Examining Racial Bias in Police Stops in Phoenix

Racial disparities in traffic stops are a critical area of inquiry as traffic stops are the most frequent form of police-initiated contact. However, traditional benchmarking methods used to assess racial bias—such as comparing stop rates to census demographics—fail to account for variations in driving exposure, police deployment, and temporal patterns.

To address these methodological shortcomings, this analysis uses the veil of darkness (VOD) hypothesis originally developed by Grogger and Ridgeway (2006). The VOD hypothesis leverages a natural experiment that capitalizes on changes in daylight across the year to evaluate whether officers are more likely to stop drivers of color during times when their race is visible (daylight) versus not (darkness).

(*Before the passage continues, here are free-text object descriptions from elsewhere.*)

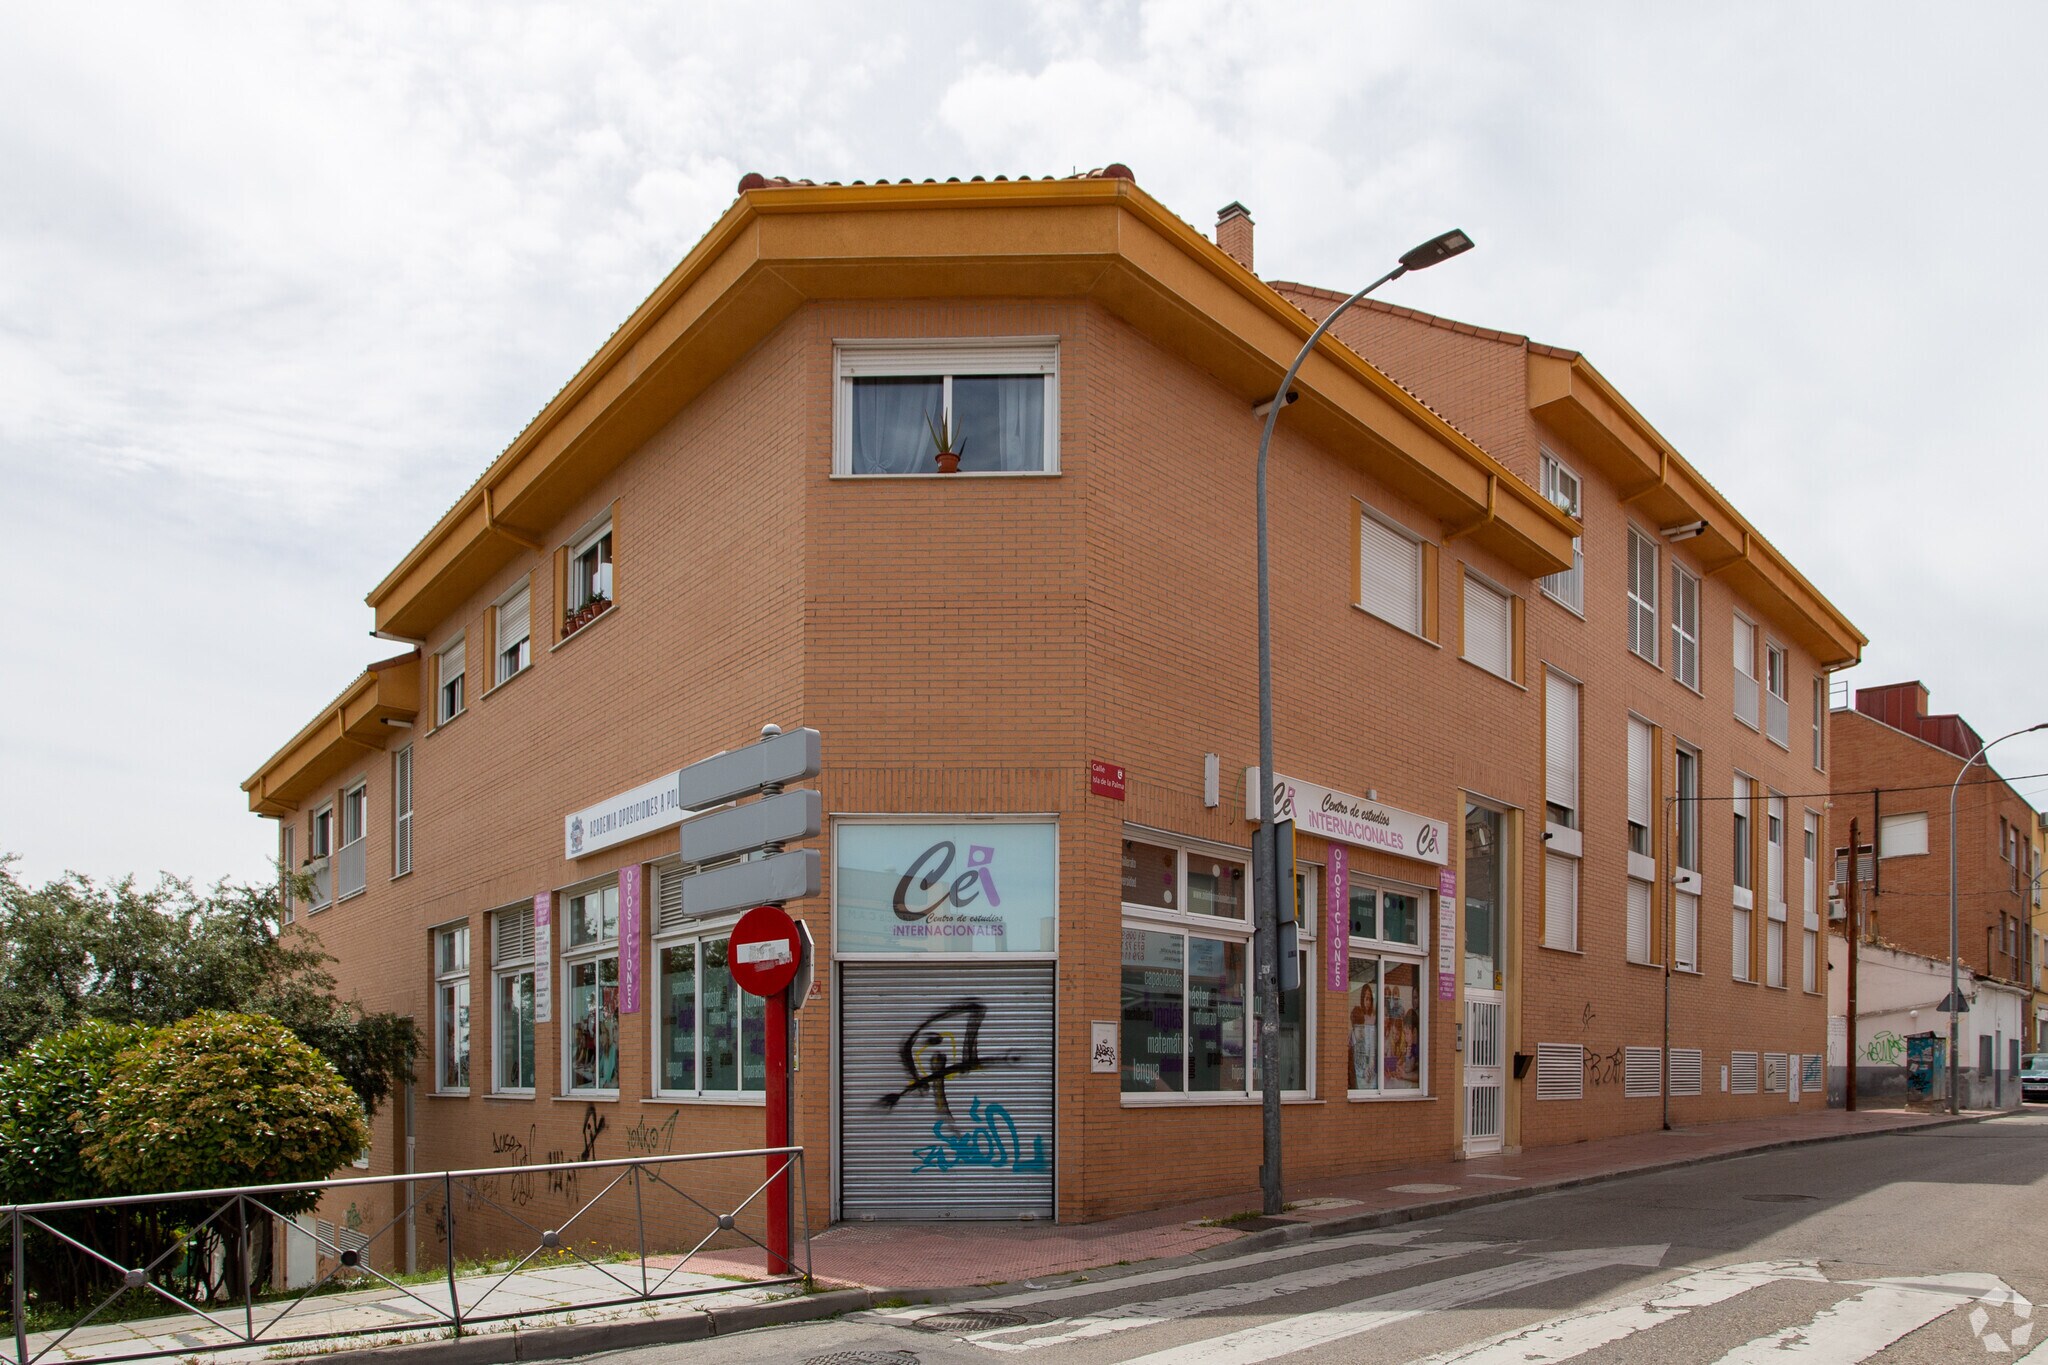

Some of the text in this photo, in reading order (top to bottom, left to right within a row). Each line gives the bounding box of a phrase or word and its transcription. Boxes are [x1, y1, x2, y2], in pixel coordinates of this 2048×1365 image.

[1092, 763, 1106, 773] Calle
[1101, 778, 1107, 786] de
[1111, 781, 1125, 790] Palma
[589, 788, 679, 838] ACADEMIA OPOSICIONES A POL
[1321, 793, 1390, 827] Centro de estudios
[925, 912, 1003, 925] Centro de estudios
[1334, 848, 1342, 988] OPOSICIONES
[1144, 969, 1183, 988] capacidades
[1147, 1032, 1194, 1054] matemátis
[1133, 1058, 1160, 1084] lengua

Following best practices articulated by Knode et al. (2024), I apply this method to traffic citation data from the Phoenix Open Data Portal. This dataset contains traffic citation information (criminal and civil) from January 2018 forward, including demographic information for officers as well as individuals. I test for racial bias, focusing on stops during the “intertwilight period” where both daylight and darkness occur at the same clock times throughout the year. This approach allows for a more rigorous assessment of racial bias in traffic stop decisions, free from the confounding factors that hinder traditional analyses.

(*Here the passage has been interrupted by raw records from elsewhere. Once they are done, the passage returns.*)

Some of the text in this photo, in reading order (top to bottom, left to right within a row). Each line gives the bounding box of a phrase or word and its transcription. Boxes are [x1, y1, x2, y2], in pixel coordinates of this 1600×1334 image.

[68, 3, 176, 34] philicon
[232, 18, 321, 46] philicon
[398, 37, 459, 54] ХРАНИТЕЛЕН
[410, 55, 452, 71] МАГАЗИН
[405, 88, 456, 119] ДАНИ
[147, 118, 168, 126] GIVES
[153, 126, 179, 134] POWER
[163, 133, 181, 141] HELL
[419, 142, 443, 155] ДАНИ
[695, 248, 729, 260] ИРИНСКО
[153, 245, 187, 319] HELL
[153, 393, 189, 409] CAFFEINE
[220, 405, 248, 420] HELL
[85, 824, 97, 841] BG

Setup and Loading the Data

First we need to clear the workspace and load the libraries we are going to use.

Load and Prepare the Data

loc <- "data/citations_traffic-citations-details_citationdetail.csv"
phoenix_dat <- read.csv( here( loc ), as.is = TRUE, header = TRUE )

There are 323336 traffic incidents from 2018 to 2025.

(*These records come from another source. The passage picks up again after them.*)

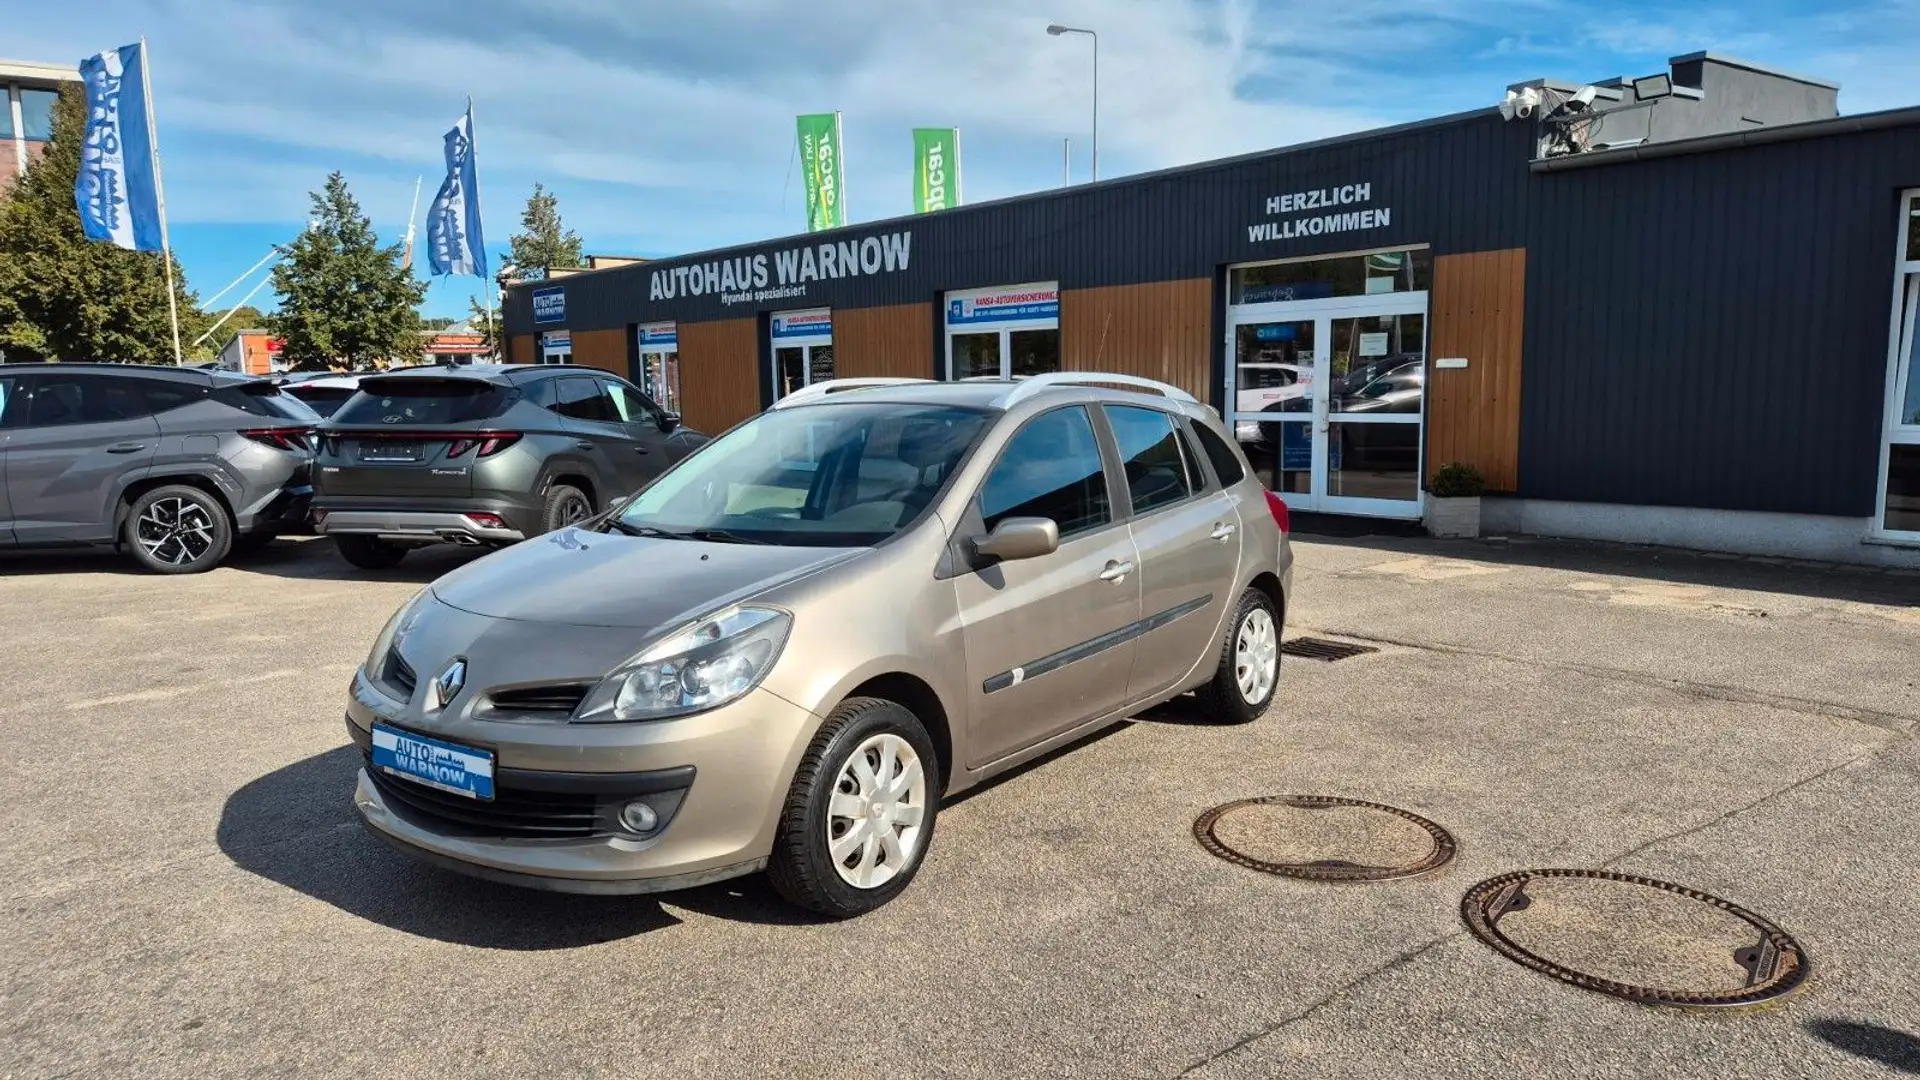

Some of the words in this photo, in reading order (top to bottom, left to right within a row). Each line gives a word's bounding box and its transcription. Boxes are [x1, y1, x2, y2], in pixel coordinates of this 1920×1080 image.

[1266, 182, 1371, 215] HERZLICH
[1248, 207, 1391, 243] WILLKOMMEN
[650, 254, 768, 301] AUTOHAUS
[775, 231, 912, 285] WARNOW
[721, 290, 753, 306] Hyundai
[754, 285, 807, 302] spezialisiert
[395, 738, 430, 761] AUTO
[395, 753, 465, 785] WARNOW

Extract and Process Time Variables

phoenix_dat <- phoenix_dat  |> 
  mutate(
    stop_date = mdy( TICK_DATE ),
    stop_time = as_hms( sprintf( "%02d:00:00", HOUR_OF_DAY ) )
  )

Get Sunset and Dusk Times for Phoenix

sun_dates <- tibble(
  date = unique( phoenix_dat$stop_date ),
  lat = 33.4484,
  lon = -112.0740
)

sun_times <- getSunlightTimes(
  data = sun_dates,
  keep = c( "sunset", "dusk" ),
  tz = "America/Phoenix"
)

sun_times <- sun_times |> 
  select( date, sunset, dusk )

phoenix_dat <- phoenix_dat  |> 
  left_join( sun_times, by = c( "stop_date" = "date" ) )

Code Lighting Condition

phoenix_dat <- phoenix_dat  |> 
  mutate(
    sunset = as_hms( sunset ),
    dusk = as_hms( dusk ),
    light_condition = case_when(
      stop_time < sunset ~ "daylight",
      stop_time > dusk ~ "darkness",
      TRUE ~ "ambiguous"
    )
  ) |> 
  filter( light_condition != "ambiguous" )

Clean a Few Variables

There are two variables that are of interest for our analysis:

SIMPLE_SUBJ_RE_GRP is a simple recoding of the SUBJ_RACE and SUBJ_ETHNICITY variables provided in the data. Specifically, this is the race/ethnicity of individuals grouped into four categories: Black or African American, Hispanic, White, Other. To create the simplified race/ethnicity grouping, individuals with an ethnicity entered as “Hispanic” were included in the “Hispanic” category, regardless of the race entered. Individuals with Black or African American entered even if a blend such as Black/ White or American Indian/Black are included in the “Black or African American” category.
SIMPLE_EMPL_RE_GRP is similar to SIMPE_SUBJ_RE_GRP, but pertains to the officer, not the citizen.

For these variables there are 573 in which the citizen’s race/ethnicity is listed as Unknown and 10486 listed as Other. These are removed from the analysis. Unknown and Other represent 0 and 3, percent of all cases, respectively. Also, there are 11893 in which the officer’s race/ethnicity is listed as Other.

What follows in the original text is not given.